He then buried his father and spent the following years becoming all that poverty denied him.
But wealth did not heal the wound Monica left behind. She just changed her fear. I was no longer afraid of hunger. I was afraid of false love. He feared finding a woman who smiled in his suit, admired his cars, praised his kindness and still walked away the moment comfort was threatened.
So he created the costume.
An old man in worn clothes.
A silent test.
He entered the city and watched as people treated weakness when they believed he had nothing to offer them.
Vanessa had failed in the loudest way possible.
Vanessa would have laughed if had someone had her her morning that that her future was already cracking.
He lived in a beautiful house with white walls, polished floors and a generator that never failed. His skin care brand and cosmetics was doing well, but not well enough for the lifestyle he thought he deserved. Online, people admired her. In real life, most people were afraid of it. She was sharp, proud, and so accustomed to getting away with it that humility felt like an insult.
And at the center of all his ambition was Adrien Chinedu.
For Vanessa, he was not just a man. It was a prize.
She had met him months earlier at a charity gala on Victoria Island, one of those events where people donate money and pose like saints. He saw it on the other side of the room and instantly noticed what mattered: money, status, power, the kind of silent trust that only truly rich men carry.

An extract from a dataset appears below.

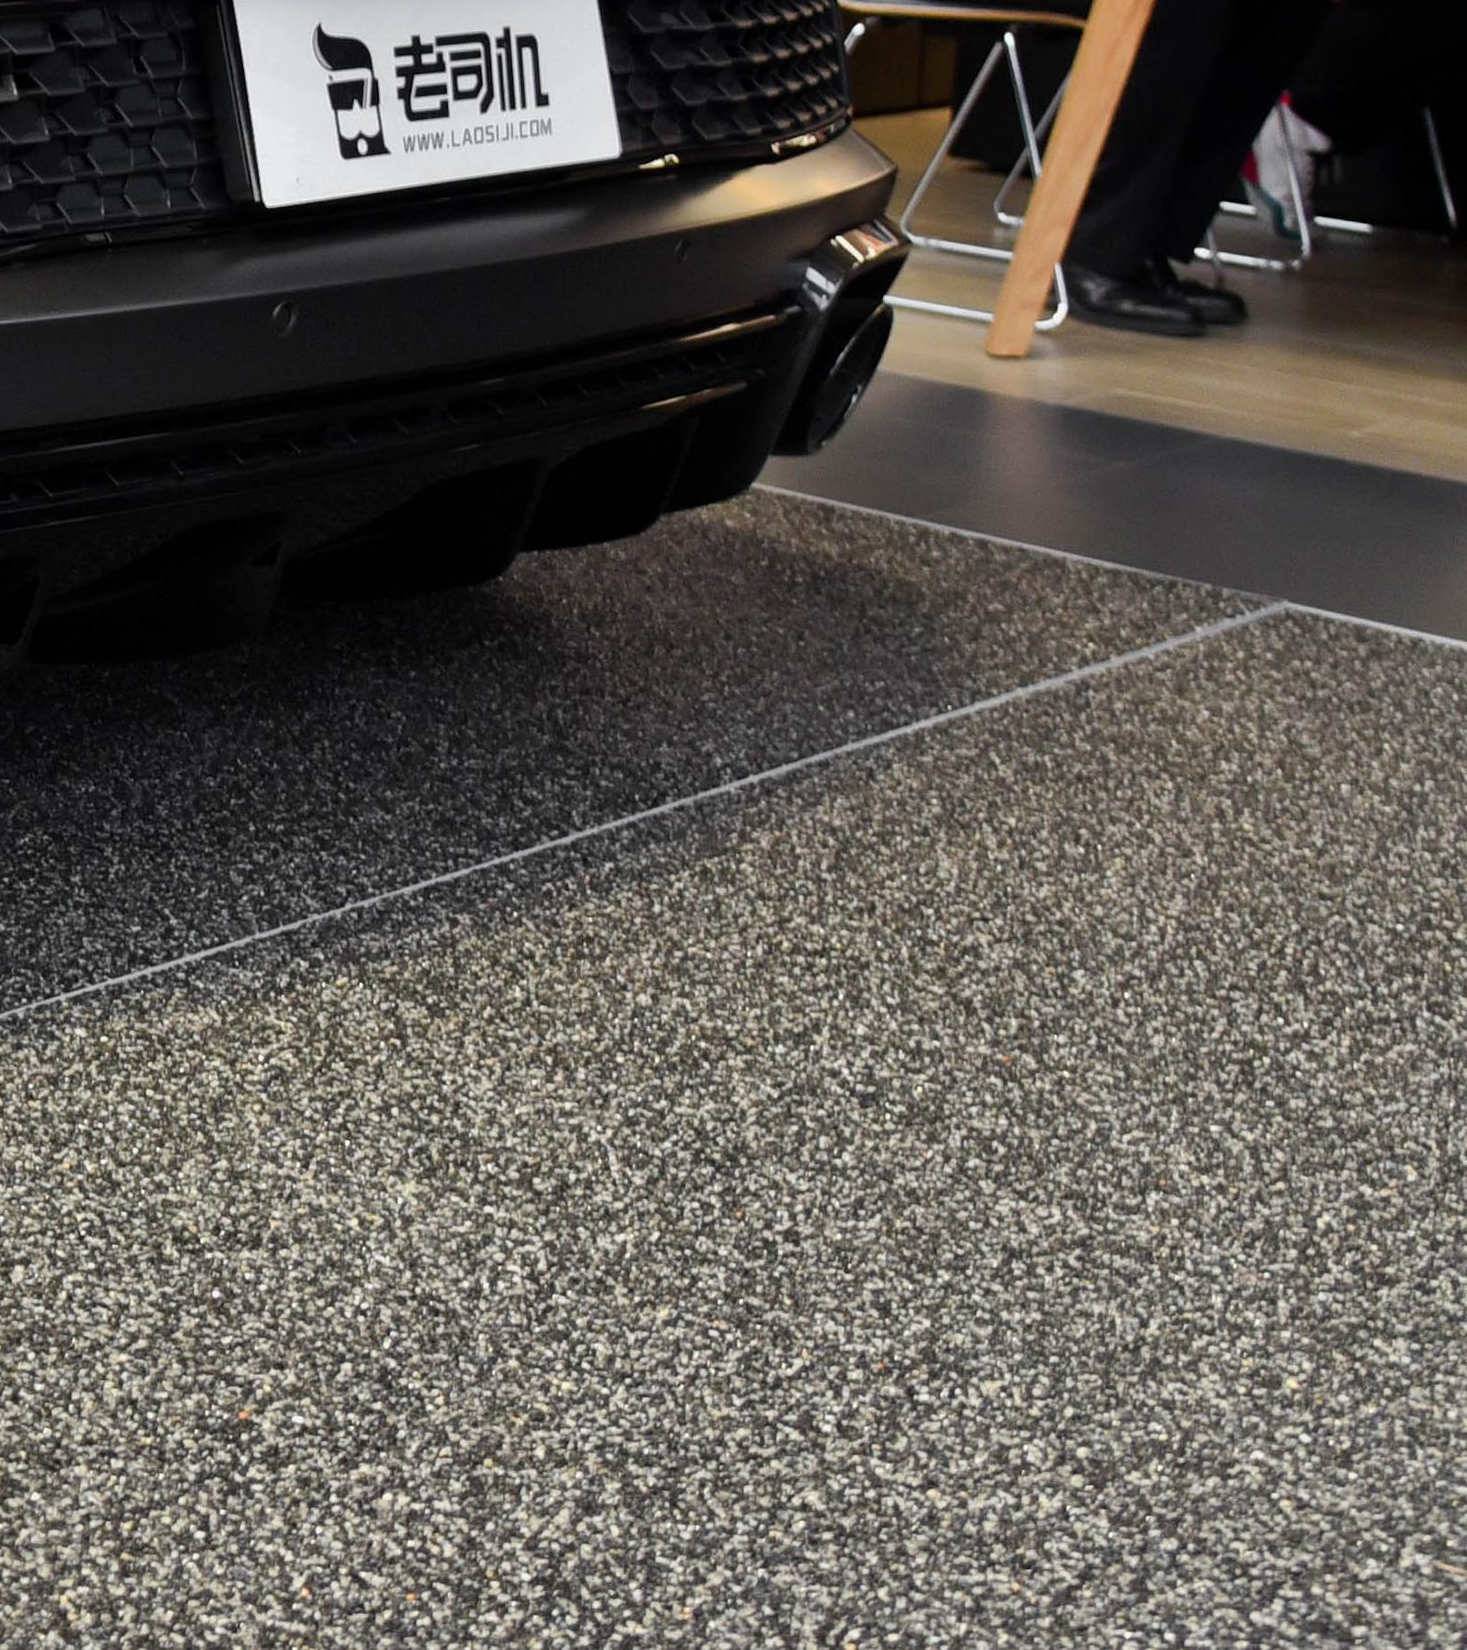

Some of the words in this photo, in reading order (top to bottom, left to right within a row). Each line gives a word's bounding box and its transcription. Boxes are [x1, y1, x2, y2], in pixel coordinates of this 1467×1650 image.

Vanessa wasn’t dumb enough to chase out loud. She knew that men like Adrien did not respond to despair. So he became patient. Strategic. Soft around the edges. She asked thoughtful questions. He smiled at the right times. She spoke like a woman interested in values rather than access. He learned very quickly that Adrien didn’t like the noise, greed or women who worshipped money too openly.
So Vanessa calmed down.
At least on the surface.
She said things like “kindness matters,” even though she didn’t think kindness could survive in Lagos without money protecting him. He smiled at the waiters when Adrien was watching. He posted charity appointments online. She allowed him to think that he had found a woman of grace and depth.
But Adrien was always watching.
And the little things ruled it out.
A sharp tone when a waiter brought the wrong water.
The way his eyes changed when staff made mistakes.
The impatience below your educated smile.
The old man’s slap was simply the final confirmation.
Still, Adrien continued the relationship.
Not because I loved her.
Because he needed the truth to reveal itself completely.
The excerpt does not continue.